Banyak yang mengira jabatan komisaris hanya dapat diisi oleh seseorang dengan latar belakang pendidikan tertentu. Padahal, Undang-Undang Perseroan Terbatas tidak mengatur bahwa komisaris harus berasal dari disiplin ilmu atau memiliki gelar akademik tertentu.

Yang lebih ditekankan adalah kemampuan menjalankan fungsi pengawasan, integritas, kompetensi, serta memenuhi persyaratan hukum yang berlaku.
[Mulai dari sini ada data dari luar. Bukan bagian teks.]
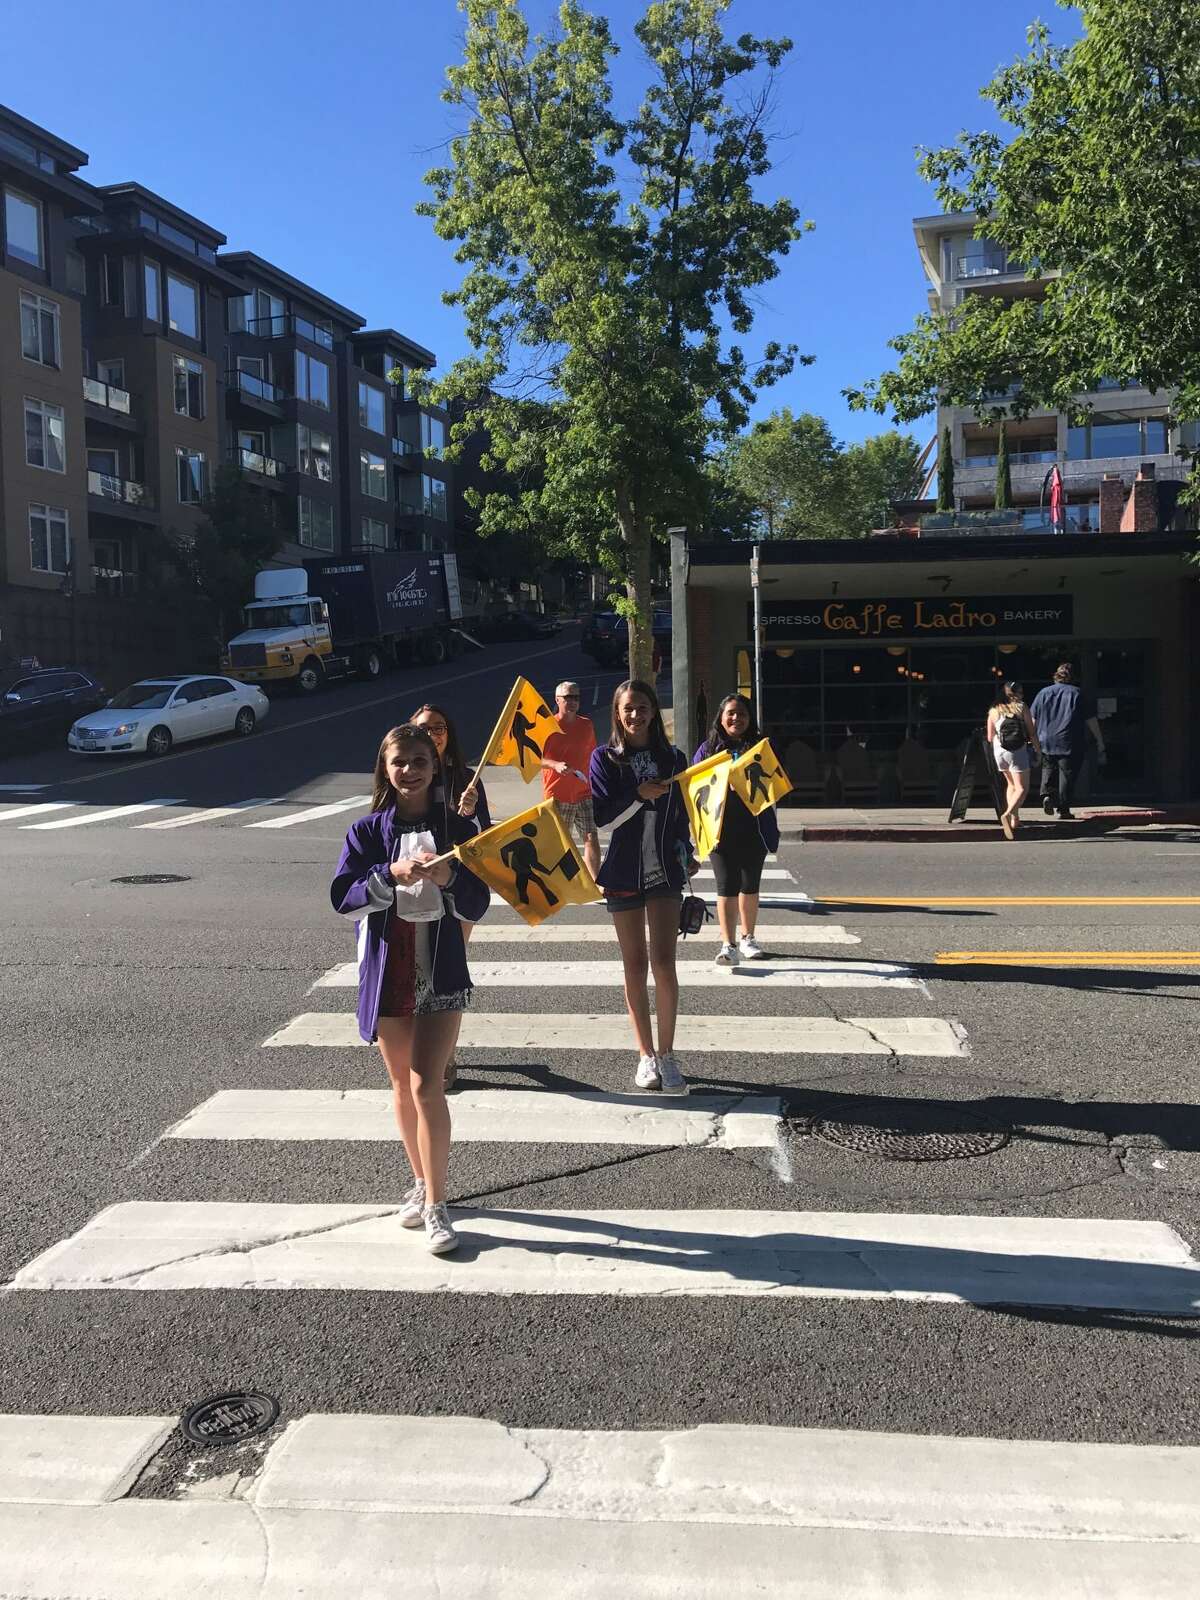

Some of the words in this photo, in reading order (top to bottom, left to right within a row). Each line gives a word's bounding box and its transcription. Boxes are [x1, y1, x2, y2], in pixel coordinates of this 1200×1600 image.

Dalam praktiknya, komisaris dapat berasal dari berbagai latar belakang profesi, seperti akademisi, profesional, pengusaha, mantan birokrat, hingga tokoh masyarakat.

Meski demikian, perusahaan pada umumnya tetap mempertimbangkan pengalaman, kapasitas, serta kemampuan seseorang dalam menjalankan fungsi pengawasan agar dapat memberikan kontribusi bagi perkembangan perusahaan.

Baca Juga: Fakta-Fakta Krakatau Posco, Perusahaan yang Ramai Dikaitkan dengan Mufli Budi Ananda

Penunjukan Komisaris Kerap Menjadi Perhatian Publik

Penunjukan komisaris, terutama di perusahaan besar atau yang memiliki keterkaitan dengan BUMN, kerap menjadi perhatian publik. Sebagian masyarakat menyoroti rekam jejak, kompetensi, hingga proses penunjukan yang dilakukan perusahaan. Di sisi lain, penetapan anggota dewan komisaris merupakan kewenangan pemegang saham sesuai mekanisme dan ketentuan yang berlaku.

Hingga saat ini, PT Krakatau Posco maupun PT Krakatau Steel (Persero) Tbk belum memberikan penjelasan resmi mengenai pertimbangan penunjukan Mufli Budi Ananda sebagai komisaris.

Terlepas dari perhatian publik yang muncul, jabatan komisaris pada dasarnya memiliki fungsi strategis sebagai pengawas perusahaan. Posisi ini tidak bertugas menjalankan operasional sehari-hari, melainkan memastikan perusahaan dikelola secara akuntabel, menerapkan tata kelola perusahaan yang baik, serta mampu mencapai tujuan bisnis yang telah ditetapkan.